A destreza das dúvidas

Letras económicas

PNL

Eduardo Prado Coelho

 

A Casa Fernando Pessoa organizou um debate sobre o Plano Nacional de Leitura, com a habitual moderação de Carlos Vaz Marques. Não tendo o dom da ubiquidade, não tive a oportunidade de estar presente. Lamento, porque o tema interessa-me e o convite incluía um "dossier" com declarações várias sobre a questão. Acontece que a leitura destes textos tem aspectos impressionantes. Alguns são considerações equilibradas e razoáveis. Mas outros revelam a mais espantosa ignorância e vocação para a tolice desenfreada. Grande parte destas vem de blogues, que pela desenvoltura da escrita, uma espécie de tu cá, tu lá, parece que favorece o disparate.

Tanta demagogia! Uma personagem anónima, em algo que se intitula "Rabbit"s Blog", diz esta coisa publicitária: "O Modelo e Continente têm umas promoções de autores que ganharam o Nobel a 3,50 euros. A vantagem deste programa é que, ao contrário dos programas estatais, não só não custa um cêntimo ao contribuinte como é capaz de pôr mais gente a ler". Deve tratar-se de um funcionário do Continente que se pretendeu pôr em bicos dos pés.
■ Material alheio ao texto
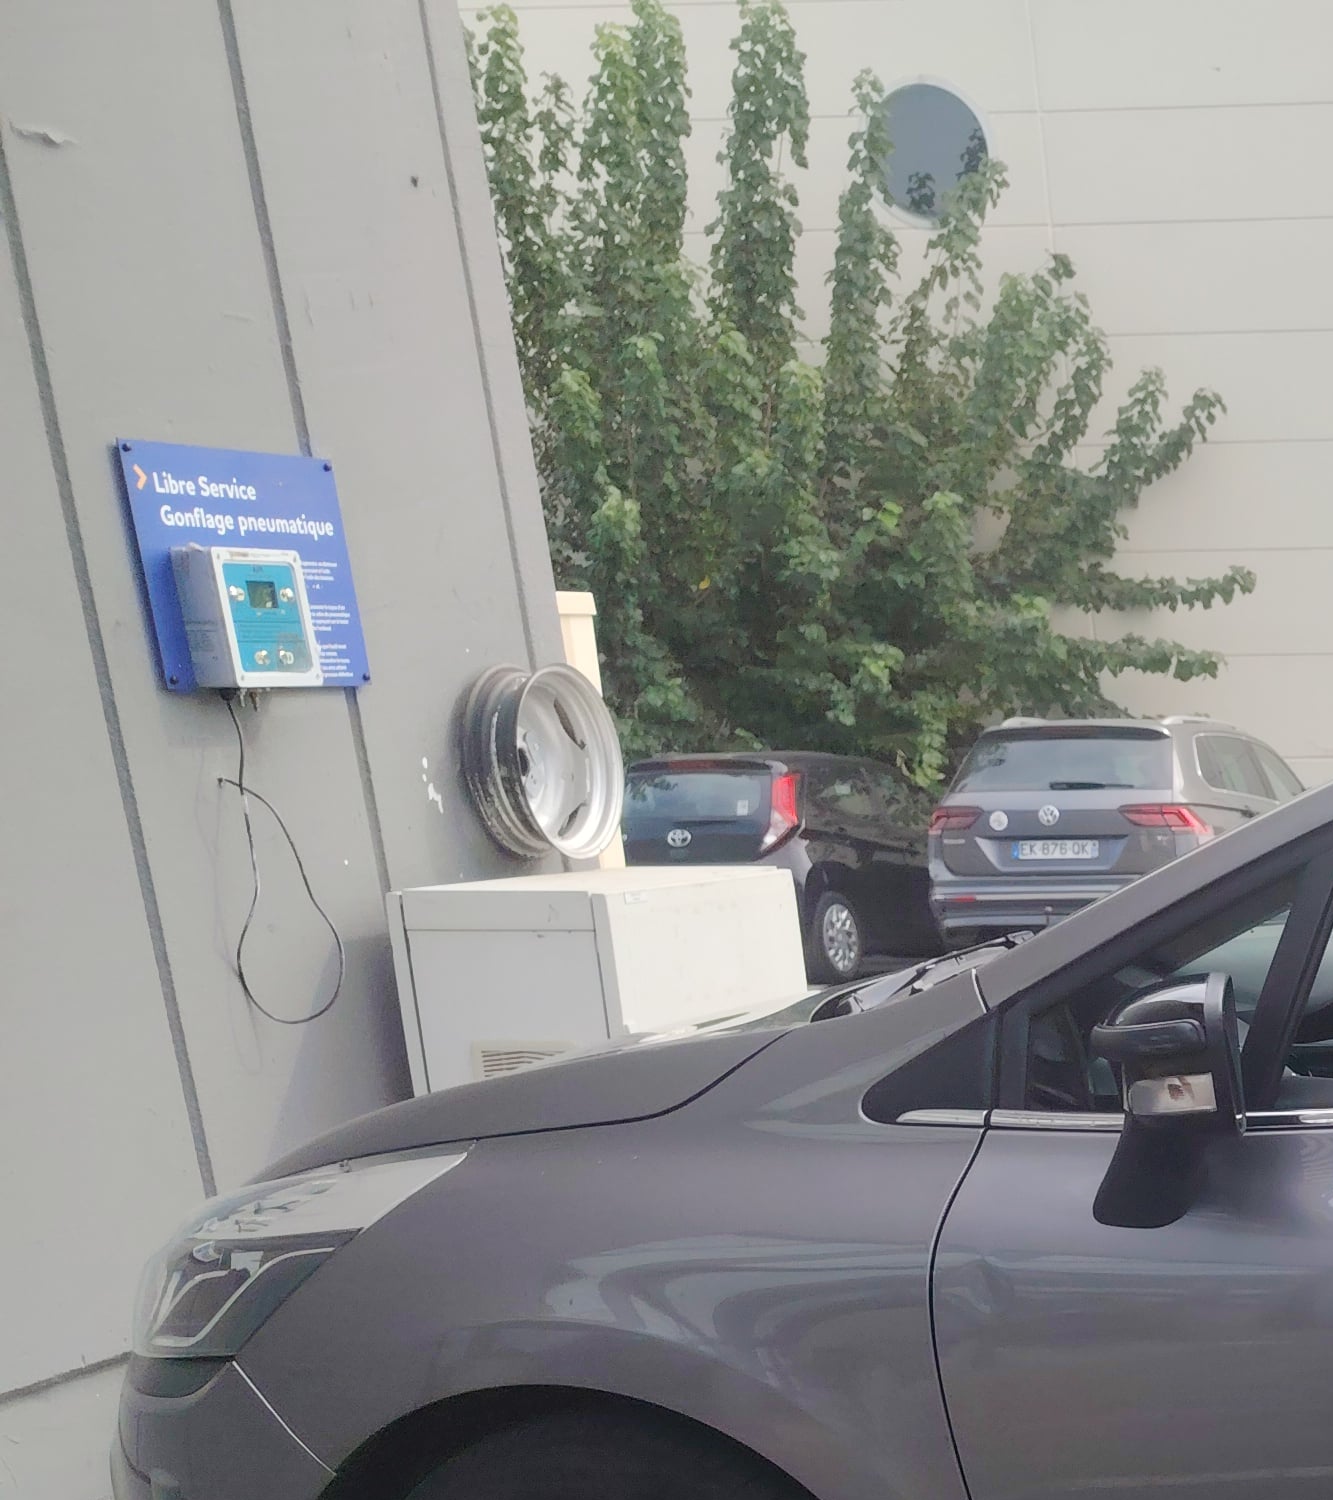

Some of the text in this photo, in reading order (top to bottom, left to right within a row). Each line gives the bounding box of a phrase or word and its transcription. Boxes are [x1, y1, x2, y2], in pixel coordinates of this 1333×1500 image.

[152, 471, 257, 500] Libre Service
[160, 504, 334, 541] Gonflage pneumatique
E que, com esta oscilação entre um anarquismo de esquerda e um fascismo de direita, vai-se buscar sempre o grande argumento: o bolso dos contribuintes. Mas isto é secundário. Porque a grande estupidez está nesta incapacidade de diferençar entre a promoção de uns livros a preços mais ou menos ocasionais e o que deve ser a consistência e complexidade de um verdadeiro Plano Nacional da Leitura.

Este é um dos tópicos, o que passa pela ideia de que se não pode gastar dinheiro público com projectos deste tipo. Ora eu devo confessar: sempre que ouço a expressão "o dinheiro dos contribuintes" puxo a pistola. E não costumo falhar os alvos.
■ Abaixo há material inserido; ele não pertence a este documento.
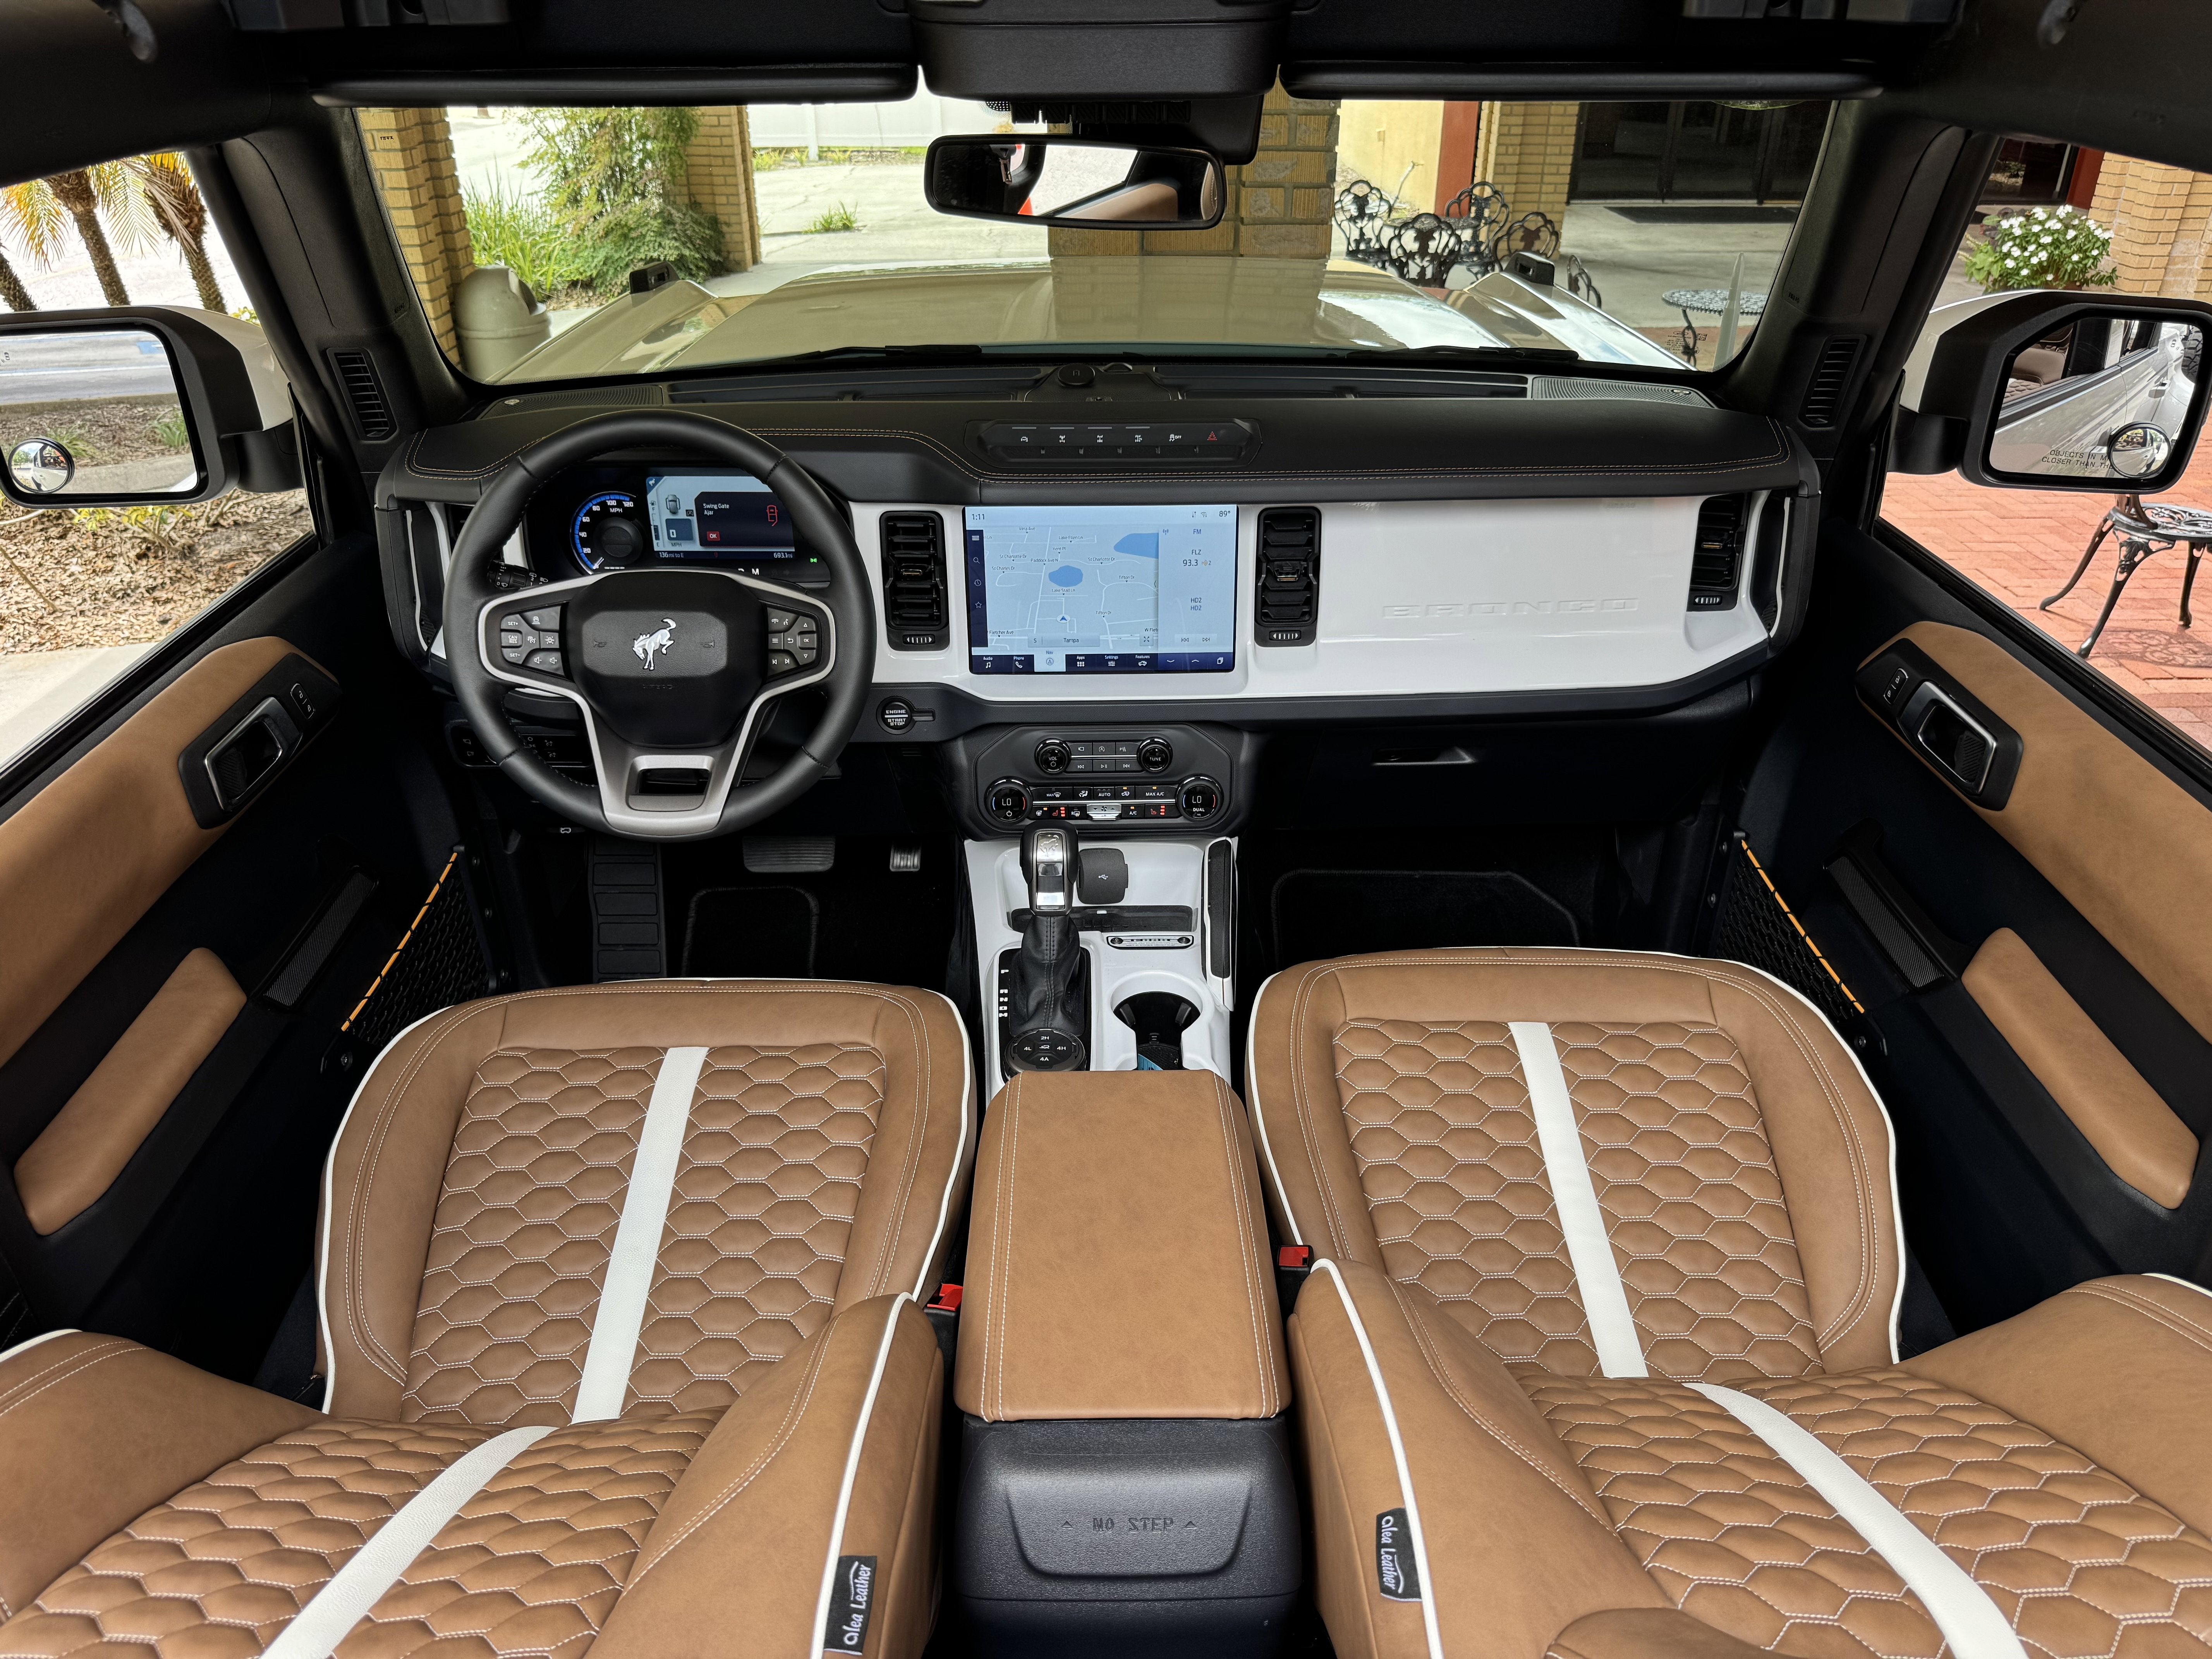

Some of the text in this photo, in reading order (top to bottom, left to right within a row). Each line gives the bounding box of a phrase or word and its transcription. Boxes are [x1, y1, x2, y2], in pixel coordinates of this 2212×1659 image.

[2042, 457, 2071, 465] CLOSER
[2050, 450, 2084, 459] OBJECTS
[670, 529, 677, 538] 0
[1382, 598, 1638, 619] BRONCO
[1093, 1517, 1174, 1532] NO STEP
[1381, 1516, 1398, 1590] Olea Leather
[842, 1564, 871, 1645] Olea Leather
A segunda ideia, mais elaborada e requintada em demagogia, é a de que as pessoas lêem imenso, mas não lêem aquilo que os intelectuais queriam. Daí a fúria deles, desanimados por não serem promovidos. Isto tem ainda a ver com uma outra idiotice que se propagou: o Plano Nacional da Leitura teria por função dizer às pessoas o que devem ler. Neste plano, Vasco Pulido Valente, que até pode ser uma pessoa inteligente, acumula todas as coisas absurdas, insensatas e totalmente desconhecedoras da realidade que se podem dizer sobre estas matérias. Como se lê: num estilo mais ou menos aparvalhado, um tal senhor Luís Aguiar Conraria, no blogue "A destreza das dúvidas", diz que "nunca se leu tanto como se lê hoje; basta ver o sucesso em Portugal de Dan Brown ou de Miguel Sousa Tavares. As comissões de bom gosto acham que devíamos ler Sophia de Mello Breyner e não Margarida Rebelo Pinto. (...) Provavelmente mandavam-nos ler poesia do século XIV no original". Eis o que se chama alguém que sabe verdadeiramente o que é literatura.
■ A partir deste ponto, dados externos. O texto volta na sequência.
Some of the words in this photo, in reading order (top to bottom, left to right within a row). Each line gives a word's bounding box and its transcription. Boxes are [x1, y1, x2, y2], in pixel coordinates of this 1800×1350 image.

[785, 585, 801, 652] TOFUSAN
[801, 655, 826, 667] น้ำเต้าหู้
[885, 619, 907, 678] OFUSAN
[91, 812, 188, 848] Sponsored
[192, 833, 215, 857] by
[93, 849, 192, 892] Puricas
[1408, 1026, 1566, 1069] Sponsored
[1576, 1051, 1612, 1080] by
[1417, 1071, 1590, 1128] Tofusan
Quanto ao meu amigo José Saramago, afirmou que a leitura será sempre questão de minorias. É verdade, embora o número que constitui essas minorias varie conforme os países. Mas David Mourão-Ferreira dizia escrever para "uma imensa minoria", e é portanto no "imensa" que está a questão.

PS - Gostaria de assinalar, pela sua inteligência e oportunidade, o artigo que Maria Alzira Seixo publicou na "Visão" da semana passada sobre "a nova terminolia linguística" que se pretende adoptar na educação. Senhora Ministra, pare isto e ponha as pessoas a reflectir. As questões levantadas pela Maria Alzira não podem ser escamoteadas.